Collected data:
+ + + +

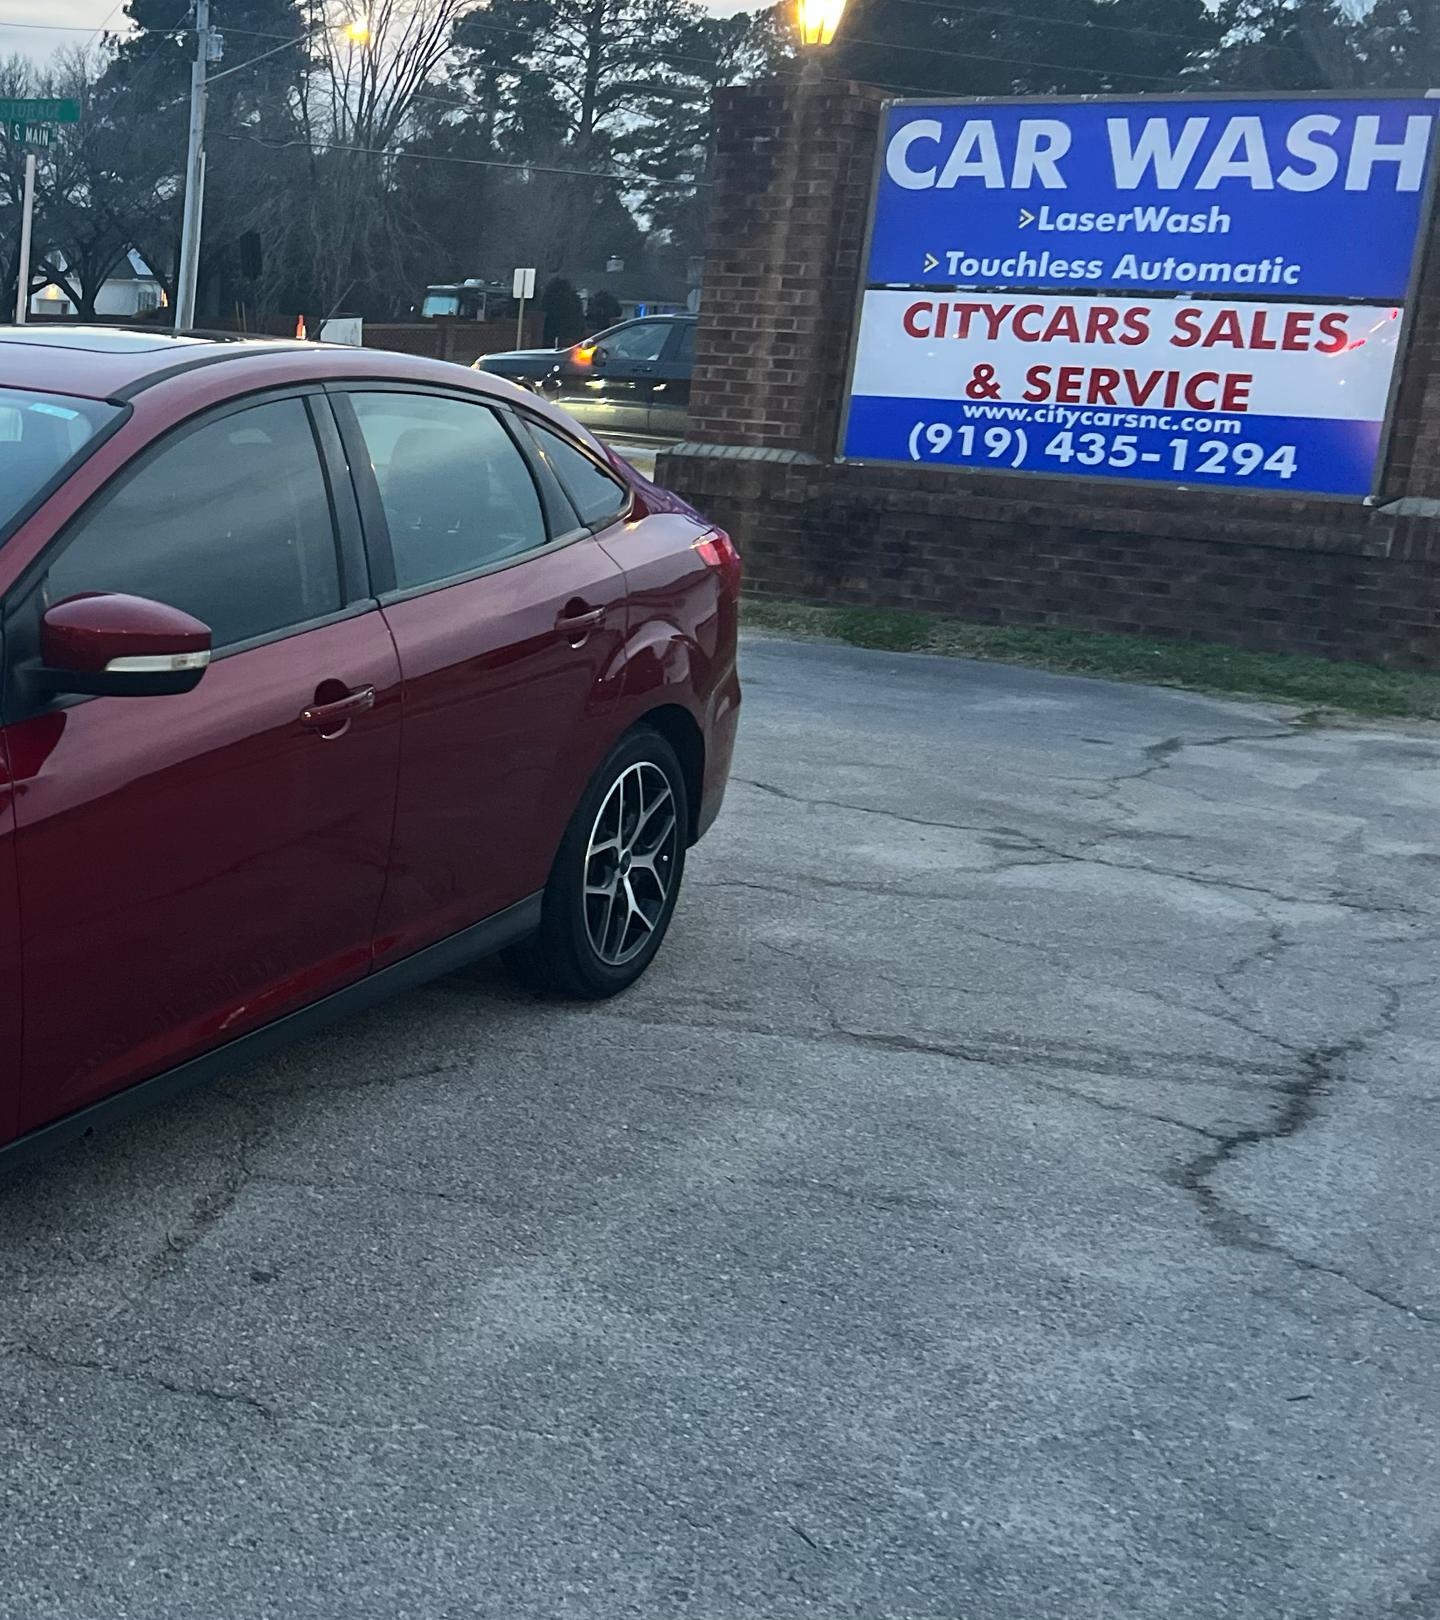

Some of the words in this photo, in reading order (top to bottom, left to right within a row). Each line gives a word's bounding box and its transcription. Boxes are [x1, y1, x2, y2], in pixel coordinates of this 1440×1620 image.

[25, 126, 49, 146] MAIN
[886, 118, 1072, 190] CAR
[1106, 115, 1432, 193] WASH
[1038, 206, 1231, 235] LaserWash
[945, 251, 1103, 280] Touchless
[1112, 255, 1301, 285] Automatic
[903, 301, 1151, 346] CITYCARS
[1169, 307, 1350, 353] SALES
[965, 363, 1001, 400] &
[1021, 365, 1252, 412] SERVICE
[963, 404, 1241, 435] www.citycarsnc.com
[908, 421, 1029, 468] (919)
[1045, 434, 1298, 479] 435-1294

+ + + +

**What is being asked:** Output all the records above exactly, but without their images.

**Reply to the task:**
Some of the words in this photo, in reading order (top to bottom, left to right within a row). Each line gives a word's bounding box and its transcription. Boxes are [x1, y1, x2, y2], in pixel coordinates of this 1440×1620 image.

[25, 126, 49, 146] MAIN
[886, 118, 1072, 190] CAR
[1106, 115, 1432, 193] WASH
[1038, 206, 1231, 235] LaserWash
[945, 251, 1103, 280] Touchless
[1112, 255, 1301, 285] Automatic
[903, 301, 1151, 346] CITYCARS
[1169, 307, 1350, 353] SALES
[965, 363, 1001, 400] &
[1021, 365, 1252, 412] SERVICE
[963, 404, 1241, 435] www.citycarsnc.com
[908, 421, 1029, 468] (919)
[1045, 434, 1298, 479] 435-1294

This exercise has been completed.